Tactics such as the brainwashing and threats used on Alicia Wade are emotional and verbal abuse against a child. They are paid for with San Diego County taxpayer dollars. As a result, all taxpaying citizens of San Diego are forced to contribute to the child abuse epidemic in the county because they help fund child abuse by the government.
Therapists who engage in these forms of child abuse refuse to document them in any way. The result is that they help protect themselves from prosecution and lawsuits to hold them responsible for the child abuse they have committed under government direction. Usually this cover-up succeeds very well.

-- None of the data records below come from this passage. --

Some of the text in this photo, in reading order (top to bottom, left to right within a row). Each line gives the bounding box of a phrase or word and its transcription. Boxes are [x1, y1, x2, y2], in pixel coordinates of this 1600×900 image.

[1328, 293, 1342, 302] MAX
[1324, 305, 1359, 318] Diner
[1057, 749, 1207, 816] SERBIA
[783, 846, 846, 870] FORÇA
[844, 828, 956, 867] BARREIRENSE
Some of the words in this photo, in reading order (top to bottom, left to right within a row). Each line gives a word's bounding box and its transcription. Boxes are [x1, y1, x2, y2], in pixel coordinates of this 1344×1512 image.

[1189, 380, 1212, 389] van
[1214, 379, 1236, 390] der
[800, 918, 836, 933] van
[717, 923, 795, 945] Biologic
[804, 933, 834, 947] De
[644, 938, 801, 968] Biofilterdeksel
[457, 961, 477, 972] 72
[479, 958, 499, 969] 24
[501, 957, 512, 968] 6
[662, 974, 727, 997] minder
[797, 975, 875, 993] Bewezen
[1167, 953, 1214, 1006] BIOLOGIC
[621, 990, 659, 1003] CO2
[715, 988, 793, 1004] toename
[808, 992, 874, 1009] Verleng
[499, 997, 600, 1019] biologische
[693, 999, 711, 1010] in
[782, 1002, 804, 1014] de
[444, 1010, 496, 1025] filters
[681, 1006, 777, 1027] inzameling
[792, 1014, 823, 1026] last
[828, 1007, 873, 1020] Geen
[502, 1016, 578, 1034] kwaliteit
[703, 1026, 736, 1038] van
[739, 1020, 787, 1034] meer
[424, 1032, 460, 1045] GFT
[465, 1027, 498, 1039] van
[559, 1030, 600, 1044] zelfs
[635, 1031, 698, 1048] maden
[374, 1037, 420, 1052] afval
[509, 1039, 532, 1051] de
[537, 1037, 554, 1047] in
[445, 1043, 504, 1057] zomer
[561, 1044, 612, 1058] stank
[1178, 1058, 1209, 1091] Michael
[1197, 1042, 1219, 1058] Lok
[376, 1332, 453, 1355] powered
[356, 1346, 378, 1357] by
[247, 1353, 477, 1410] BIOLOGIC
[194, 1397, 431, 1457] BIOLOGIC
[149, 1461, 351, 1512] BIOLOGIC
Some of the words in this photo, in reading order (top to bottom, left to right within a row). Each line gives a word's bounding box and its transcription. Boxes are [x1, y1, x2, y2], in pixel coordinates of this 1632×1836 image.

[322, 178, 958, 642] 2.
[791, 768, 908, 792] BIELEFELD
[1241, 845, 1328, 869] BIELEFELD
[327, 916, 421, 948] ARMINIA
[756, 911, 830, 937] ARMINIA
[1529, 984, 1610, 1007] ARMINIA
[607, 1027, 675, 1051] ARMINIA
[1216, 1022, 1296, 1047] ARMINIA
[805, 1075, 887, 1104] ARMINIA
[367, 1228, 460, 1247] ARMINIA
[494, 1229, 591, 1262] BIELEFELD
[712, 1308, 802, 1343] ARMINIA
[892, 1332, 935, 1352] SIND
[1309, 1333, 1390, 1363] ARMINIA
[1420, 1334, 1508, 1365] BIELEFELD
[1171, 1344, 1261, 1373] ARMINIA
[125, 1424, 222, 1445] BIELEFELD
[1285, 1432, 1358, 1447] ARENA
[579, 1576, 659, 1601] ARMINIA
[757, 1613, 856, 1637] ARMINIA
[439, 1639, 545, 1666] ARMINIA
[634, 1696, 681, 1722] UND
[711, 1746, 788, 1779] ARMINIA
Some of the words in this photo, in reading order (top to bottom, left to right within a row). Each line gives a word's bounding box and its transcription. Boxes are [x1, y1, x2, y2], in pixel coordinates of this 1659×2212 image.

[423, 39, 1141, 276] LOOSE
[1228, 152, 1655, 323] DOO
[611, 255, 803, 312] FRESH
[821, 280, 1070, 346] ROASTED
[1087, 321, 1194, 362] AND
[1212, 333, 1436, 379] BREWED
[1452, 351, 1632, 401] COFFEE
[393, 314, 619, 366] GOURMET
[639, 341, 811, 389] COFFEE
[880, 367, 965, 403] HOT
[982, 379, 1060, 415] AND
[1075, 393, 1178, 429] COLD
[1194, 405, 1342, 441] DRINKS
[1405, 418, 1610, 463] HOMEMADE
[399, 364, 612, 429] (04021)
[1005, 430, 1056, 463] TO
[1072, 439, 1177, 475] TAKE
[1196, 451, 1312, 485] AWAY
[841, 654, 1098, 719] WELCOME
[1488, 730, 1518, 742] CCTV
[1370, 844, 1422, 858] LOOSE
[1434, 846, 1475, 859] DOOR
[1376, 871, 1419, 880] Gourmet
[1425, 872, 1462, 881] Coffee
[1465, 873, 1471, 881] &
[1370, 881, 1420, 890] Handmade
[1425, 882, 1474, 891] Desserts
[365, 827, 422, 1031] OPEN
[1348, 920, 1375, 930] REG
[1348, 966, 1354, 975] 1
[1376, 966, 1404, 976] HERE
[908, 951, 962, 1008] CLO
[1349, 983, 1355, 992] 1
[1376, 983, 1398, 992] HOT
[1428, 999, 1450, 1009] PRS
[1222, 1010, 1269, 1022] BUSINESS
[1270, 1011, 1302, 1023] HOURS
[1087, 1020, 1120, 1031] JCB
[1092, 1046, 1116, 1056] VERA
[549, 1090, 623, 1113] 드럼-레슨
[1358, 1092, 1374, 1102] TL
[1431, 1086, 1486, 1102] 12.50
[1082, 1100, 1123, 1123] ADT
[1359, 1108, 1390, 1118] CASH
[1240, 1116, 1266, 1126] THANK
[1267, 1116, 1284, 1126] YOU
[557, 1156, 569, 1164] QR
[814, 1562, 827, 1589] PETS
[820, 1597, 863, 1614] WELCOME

The exceptions are few and far between, but include cases such as the Wade family lawsuit that resulted in CPS-hired therapist Kathleen Goodfriend losing her license and being held liable for a judgement of $1 million for her abusive treatment of Alicia Wade.
CPS agencies across the state are on record as opposing liability for misconduct of social workers and the people they hire to abuse children under the guise of “therapy” as is shown by the record for California Assembly Bill 1355 in 1995:
(from California AB 1355)
DIGEST: This bill specifies that immunity from prosecution does not include specified acts on the part of a juvenile social worker, child protection worker or other public employees.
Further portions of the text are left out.